Setter S M, Corbett C F, Campbell R K, White J R
College of Pharmacy, Washington State University, Spokane 99201-3899, USA.
Ann Pharmacother. 2000 Dec;34(12):1423-31. doi: 10.1345/aph.19414.
To examine the pharmacology, therapeutics, pharmacokinetics, dosing guidelines, adverse effects, and drug interactions of insulin aspart, and summarize the clinical trials of efficacy and safety in patients with type or type 2 diabetes mellitus.
A MEDLINE database search (1985-May 2000) was performed to identify all applicable published articles and abstracts; in some cases, Novo Nordisk unpublished information was also obtained. Review articles on insulin analogs were also identified, as well as review chapters in medical textbooks.
The majority of the studies identified were in abstract form. These studies reported information on the pharmacokinetics of insulin aspart in healthy volunteers and in those with diabetes, as well as the therapeutic utility, safety, and clinical efficacy in patients with diabetes. A limited number of randomized studies were reported as artices in the medical literature
All published clinical studies were reviewed.
Insulin aspart, the second Food and Drug Administration-approved rapid-acting insulin analog, is produced by recombinant technology that replaces the proline at position 28 on the B chain of insulin with negatively charged aspartic acid.

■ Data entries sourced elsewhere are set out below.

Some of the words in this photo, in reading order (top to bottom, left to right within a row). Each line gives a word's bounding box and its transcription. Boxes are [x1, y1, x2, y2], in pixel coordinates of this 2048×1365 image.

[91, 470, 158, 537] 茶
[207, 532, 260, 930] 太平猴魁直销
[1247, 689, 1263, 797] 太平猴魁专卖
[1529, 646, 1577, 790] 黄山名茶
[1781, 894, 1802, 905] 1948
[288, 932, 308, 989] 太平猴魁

Insulin aspart exists as hexamers that rapidly dissociate into monomers and dimers on subcutaneous injection. When administered immediately prior to a meal, insulin aspart is at least as effective as regular human insulin in control of postprandial blood glucose concentrations. Insulin aspart achieves higher peak insulin concentrations in less time and with a shorter duration of action than regular human insulin.
Insulin aspart is a convenient premeal insulin for use by patients requiring mealtime insulin. Furthermore, due to favorable pharmacokinetics, insulin aspart controls postprandial blood glucose concentrations at least as well as regular human insulin and contributes to improved quality of life.

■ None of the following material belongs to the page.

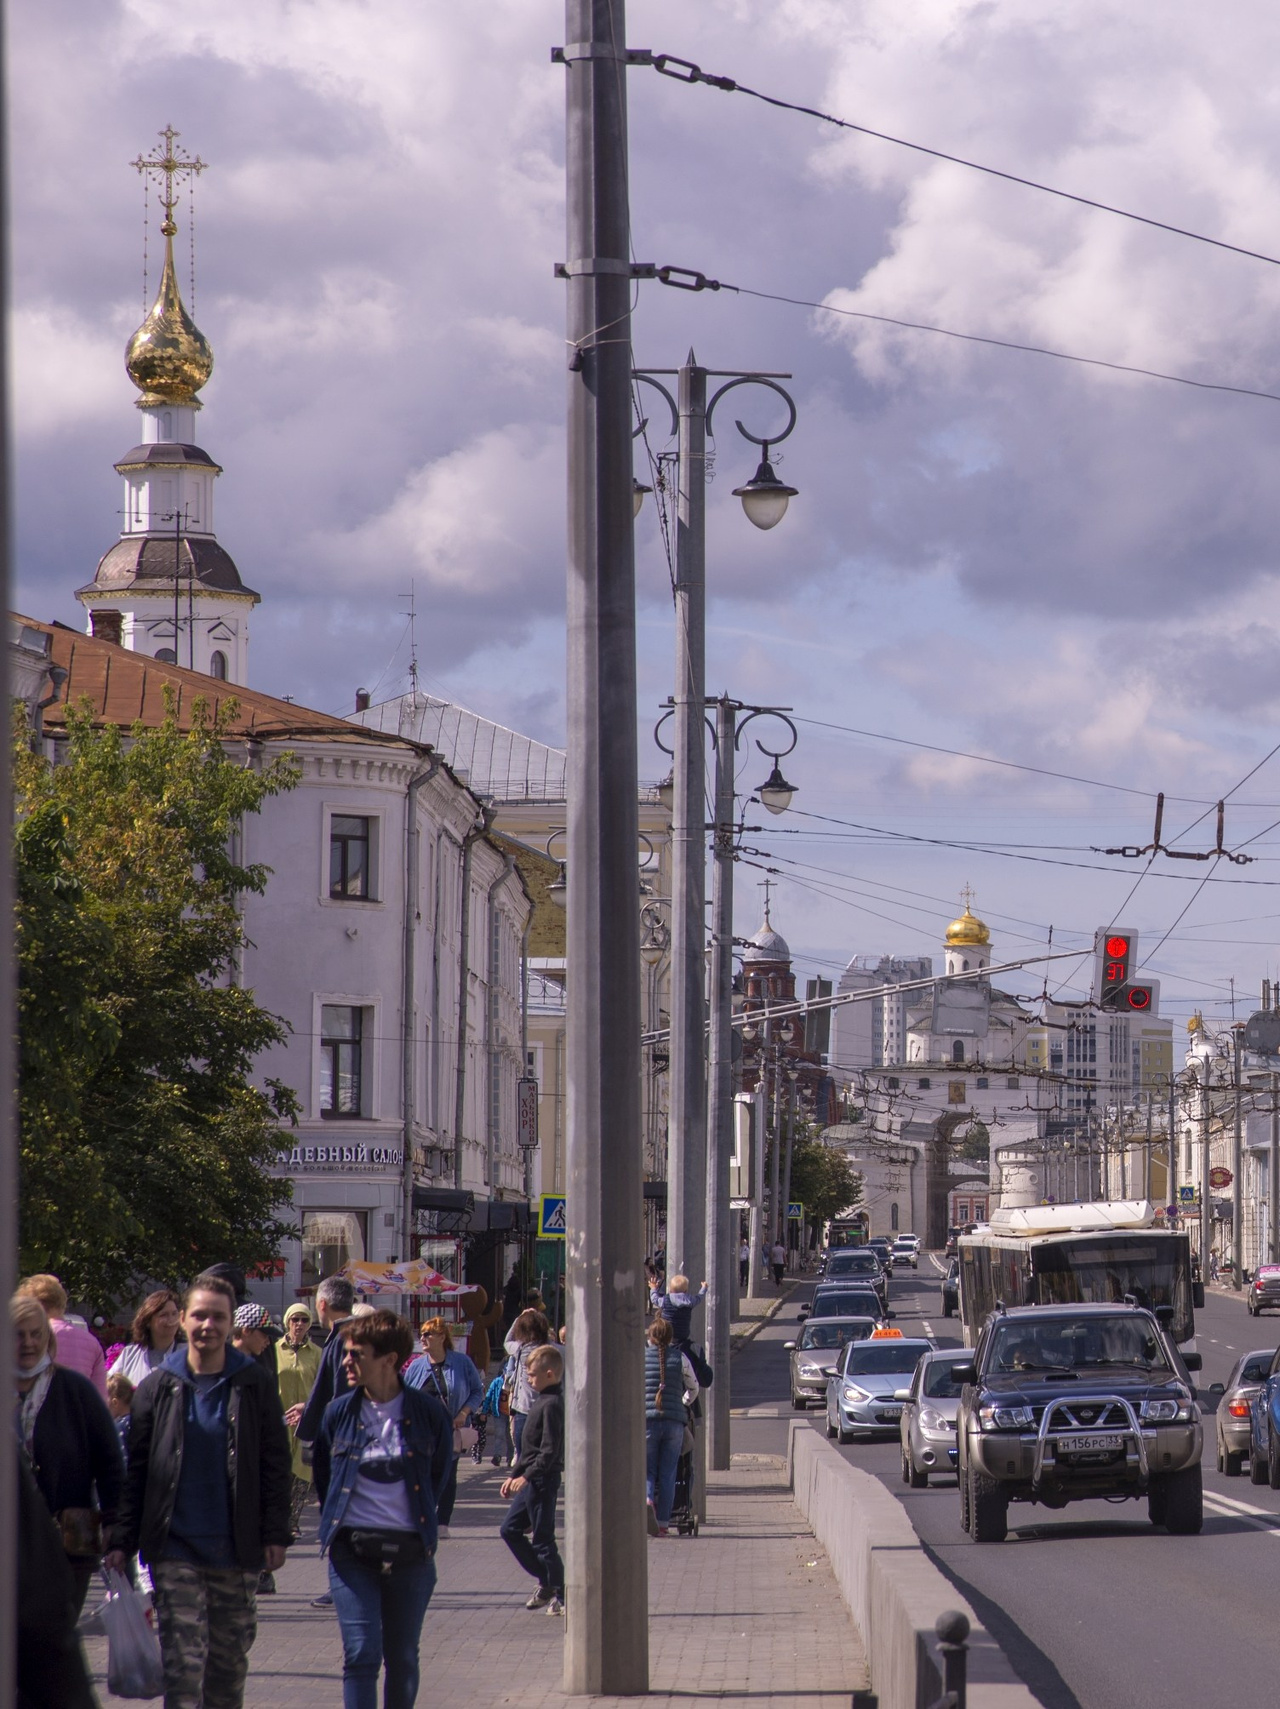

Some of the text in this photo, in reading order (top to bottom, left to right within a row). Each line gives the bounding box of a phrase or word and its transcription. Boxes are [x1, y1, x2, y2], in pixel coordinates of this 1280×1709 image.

[1107, 963, 1124, 980] 37
[276, 1143, 403, 1165] АДЕБНЫЙ САЛОН

研究门冬胰岛素的药理学、治疗学、药代动力学、给药指南、不良反应及药物相互作用,并总结其在1型或2型糖尿病患者中疗效和安全性的临床试验。
检索MEDLINE数据库(1985年至2000年5月)以识别所有适用的已发表文章和摘要;在某些情况下,还获取了诺和诺德公司未发表的信息。还识别了关于胰岛素类似物的综述文章以及医学教科书中的综述章节。
所识别的大多数研究为摘要形式。这些研究报告了门冬胰岛素在健康志愿者和糖尿病患者中的药代动力学信息,以及糖尿病患者的治疗效用、安全性和临床疗效。医学文献中作为文章报道的随机研究数量有限。
对所有已发表的临床研究进行了综述。
门冬胰岛素是第二种获美国食品药品管理局批准的速效胰岛素类似物,通过重组技术生产,该技术将胰岛素B链第28位的脯氨酸替换为带负电荷的天冬氨酸。门冬胰岛素以六聚体形式存在,皮下注射后迅速解离为单体和二聚体。在餐前立即给药时,门冬胰岛素在控制餐后血糖浓度方面至少与常规人胰岛素一样有效。与常规人胰岛素相比,门冬胰岛素能在更短时间内达到更高的胰岛素峰值浓度,且作用持续时间更短。
门冬胰岛素是需要餐时胰岛素的患者方便使用的餐前胰岛素。此外,由于其良好的药代动力学特性,门冬胰岛素在控制餐后血糖浓度方面至少与常规人胰岛素一样好,并有助于改善生活质量。